59. Brazil also points to statements by a U.S. trade association made before enactment of the 2002 farm bill purporting to show that U.S. farmers would be "bankrupt" without marketing loan and counter-cyclical payments. Again, not one of these statements pertain to marketing loan or counter-cyclical payments. Rather, they were made about emergency relief provided under the FAIR Act of 1996 in the period MY 1999-2001. These statements – quoted out of context – about an entirely different set of measures (including disaster payments), offers no insight regarding the role of marketing loan and counter-cyclical payments in production decisions or about U.S. farmers' costs and revenues today. Certainly it does nothing to detract from the actual data regarding "present" costs and revenue, which, as discussed in the prior U.S. submissions, flatly contradict Brazil's claims that U.S. upland cotton farmers would be bankrupt without the marketing loan and counter-cyclical payment programs.

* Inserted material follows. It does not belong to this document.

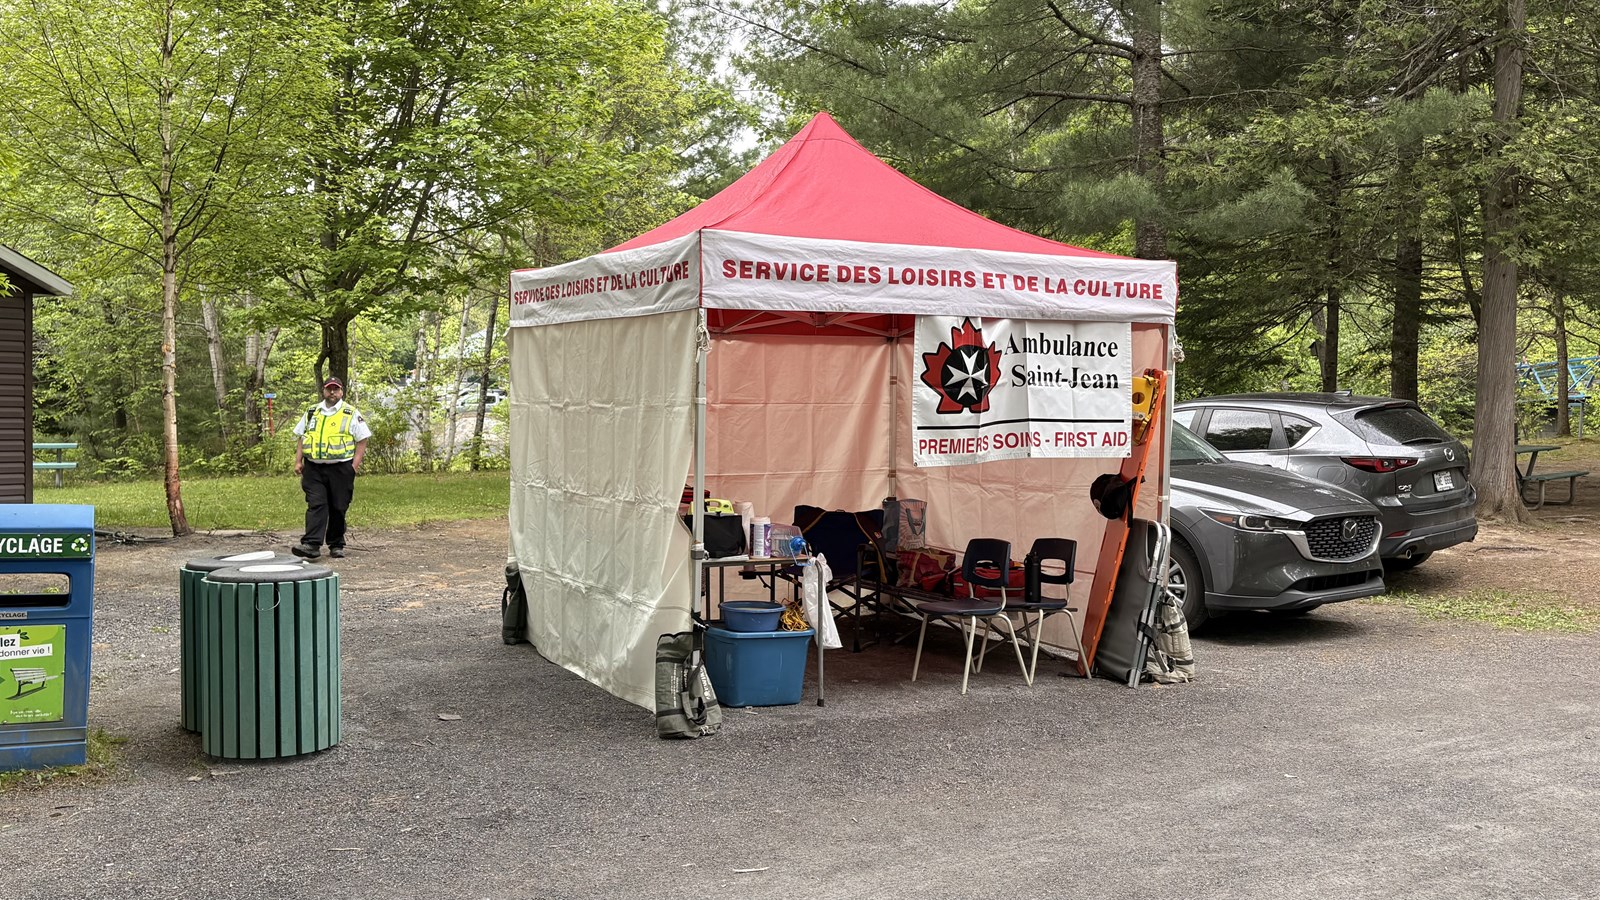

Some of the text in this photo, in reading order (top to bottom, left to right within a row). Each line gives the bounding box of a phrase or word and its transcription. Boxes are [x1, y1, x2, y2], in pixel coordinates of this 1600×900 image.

60. What is conspicuous in its almost complete absence from Brazil's listing of the evidentiary basis for its claims is evidence of any present production-inducing effects of the marketing loan and counter-cyclical payments under the market conditions prevailing at present and without the Step 2 program in place. Indeed, the only argument that Brazil makes about the effects of marketing loan and counter-cyclical payments under the current market conditions is that, according to a U.S. "market expert," current U.S. stocks will allegedly "keep a heavy lid on the market" and, in term of prospective plantings, that "any total acreage number below 12.5 million acres will be bullish. The lower the intended plantings, the higher the price rally."542 61. Brazil's assertion that this is "evidence" of significant price suppression is misleading. The question under Articles 5(c) and 6.3(c) is whether U.S. marketing loan and counter-cyclical payments significantly suppress world market prices for upland cotton. Whether or not increased U.S. stocks may have some effects on prices does not answer that question. Any effects on prices could only be attributed to U.S. marketing loan and counter-cyclical payments to the extent that Brazil proves that it was marketing loan and counter-cyclical payments that caused all of the production that is placed in inventory. Brazil clearly has not done so.543 62. Absent specific evidence regarding the effects that marketing loan and counter-cyclical payments are having at present under the prevailing market conditions, Brazil has no basis for its claims of "present" serious prejudice under Articles 5(c) and 6.3(c).